Wednesday, October 08, 2008

More Questions Than Answers

Amidst the awful and not-so-awful questions posed at Tuesday night's presidential debate in Nashville was this extraordinarily broad one from Tom Brokaw:

The three -- health care, energy, and entitlement reform: Social Security and Medicare. In what order would you put them in terms of priorities?

The question did bring this implicit admission from John McCain that he expects to cut Social Security and Medicare: "My friends, we are not going to be able to provide the same benefit for present-day workers that we are going -- that present-day retirees have today." A moment later the Repub nominee would comment, apparently about nothing in particular "My friends, some of this $700 billion ends up in the hands of terrorist organizations."

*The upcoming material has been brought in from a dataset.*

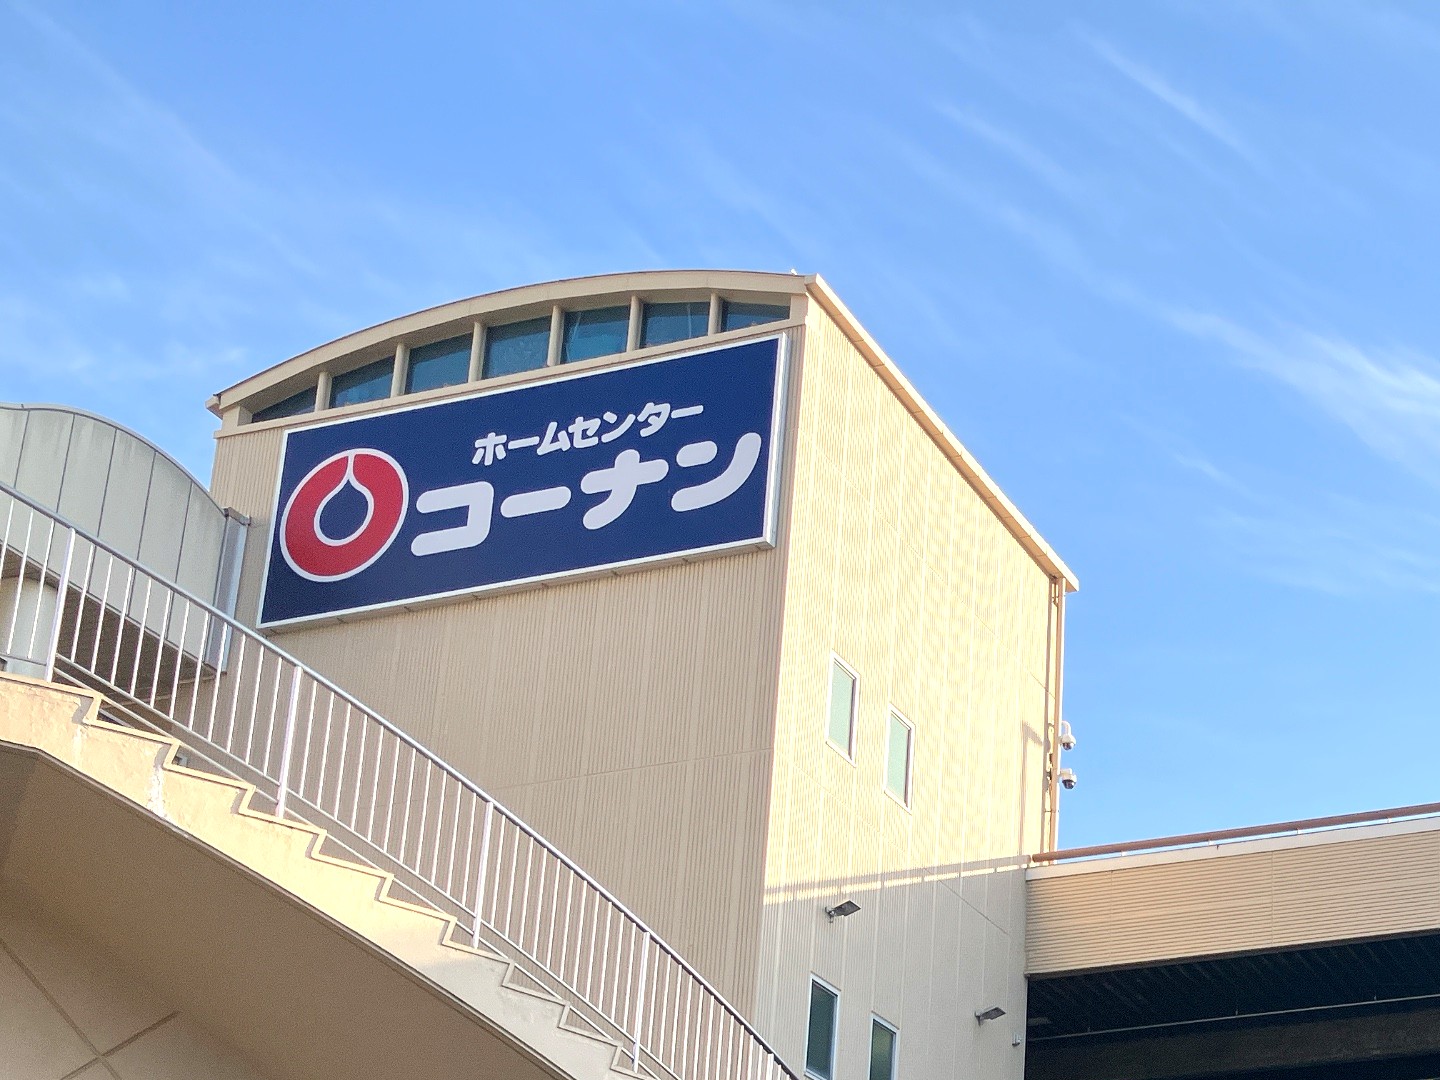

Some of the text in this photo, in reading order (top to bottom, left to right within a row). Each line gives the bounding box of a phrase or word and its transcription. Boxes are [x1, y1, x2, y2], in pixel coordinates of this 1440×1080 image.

[472, 402, 703, 465] ホームセンター
[411, 432, 761, 556] コーナン

Barack Obama's response, if incomplete, at least was clearer. His first priority (among the three raised) would be energy, he said, in part because of the threat to national security; the second, health care, which he noted "is making our businesses less competitive"; and the third, education.

Given that the format permitted no follow-up, the question proved to be a waste of time. We had one candidate apparently wanting to cut an extremely popular and successful government program, largely responsible for drastically cutting over the decades the rate of poverty among elderly people; the other candidate, skirting the issue of entitlement reform and substituting "education" as a priority.

The problem was hardly minimized with Brokaw's comment, offered as a postscript to this segment, "All right, gentlemen, I want to just remind you one more time about time. We're going to have a larger deficit than the federal government does if we don't get this under control here before too long." Recognition that the Bush tax cuts for the wealthy, which John McCain has advocated making permanent, play a far larger role in the deficit would have been more accurate- but not the "balanced" perspective that the mainstream media is fond of peddling.